Task to carry out: The reply must repeat each entry exactly and contain no pictures.

Data section Block Start

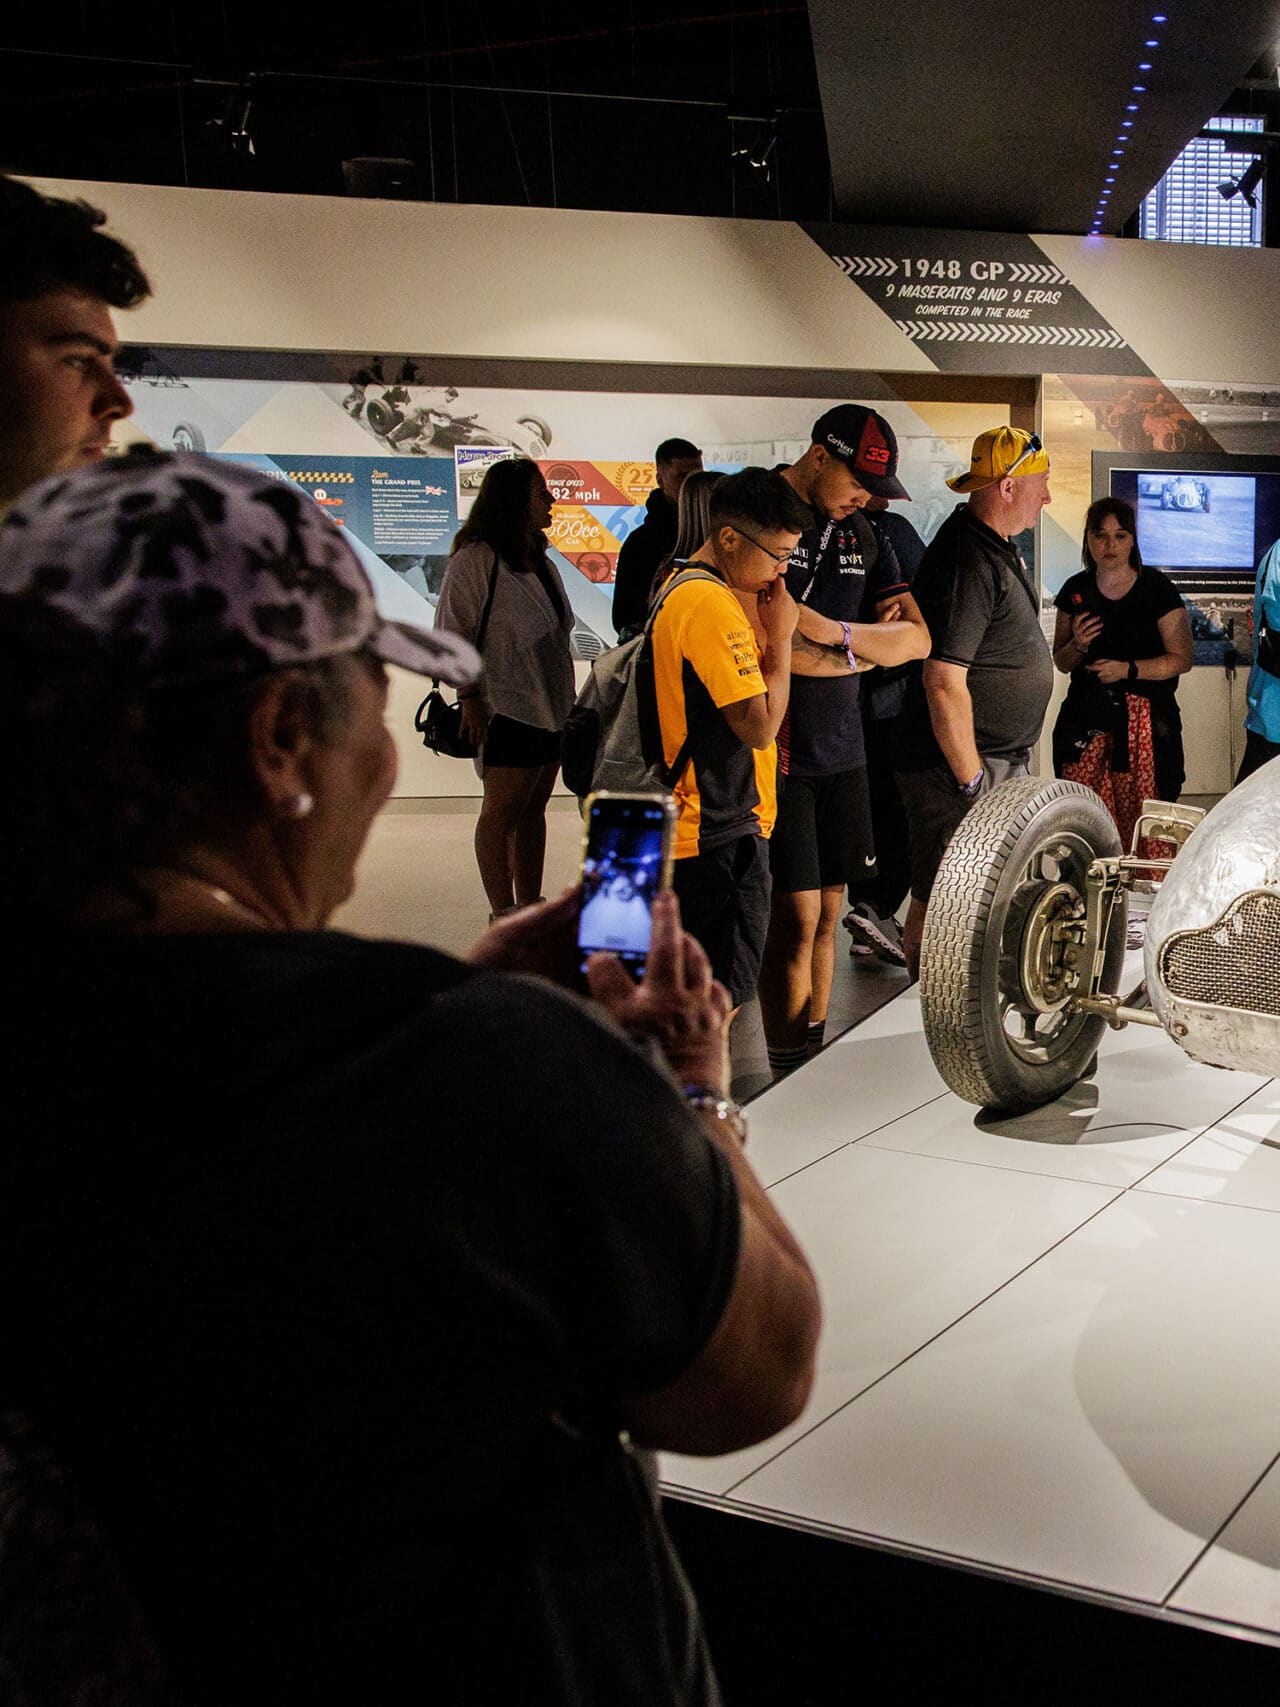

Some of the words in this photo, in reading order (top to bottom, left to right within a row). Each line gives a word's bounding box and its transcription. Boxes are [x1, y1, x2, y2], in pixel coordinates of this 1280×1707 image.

[901, 259, 961, 279] 1948
[970, 261, 1005, 281] GP
[885, 284, 895, 297] 9
[898, 285, 976, 302] MASERATIS
[978, 288, 1007, 303] AND
[1012, 290, 1022, 303] 9
[1024, 290, 1062, 305] ERAS
[915, 304, 969, 317] COMPETED
[971, 307, 983, 317] IN
[984, 307, 1004, 318] THE
[1005, 308, 1032, 319] RACE
[865, 446, 890, 463] 33
[630, 468, 653, 484] 25

Data section Block End

Response to the task:
Some of the words in this photo, in reading order (top to bottom, left to right within a row). Each line gives a word's bounding box and its transcription. Boxes are [x1, y1, x2, y2], in pixel coordinates of this 1280×1707 image.

[901, 259, 961, 279] 1948
[970, 261, 1005, 281] GP
[885, 284, 895, 297] 9
[898, 285, 976, 302] MASERATIS
[978, 288, 1007, 303] AND
[1012, 290, 1022, 303] 9
[1024, 290, 1062, 305] ERAS
[915, 304, 969, 317] COMPETED
[971, 307, 983, 317] IN
[984, 307, 1004, 318] THE
[1005, 308, 1032, 319] RACE
[865, 446, 890, 463] 33
[630, 468, 653, 484] 25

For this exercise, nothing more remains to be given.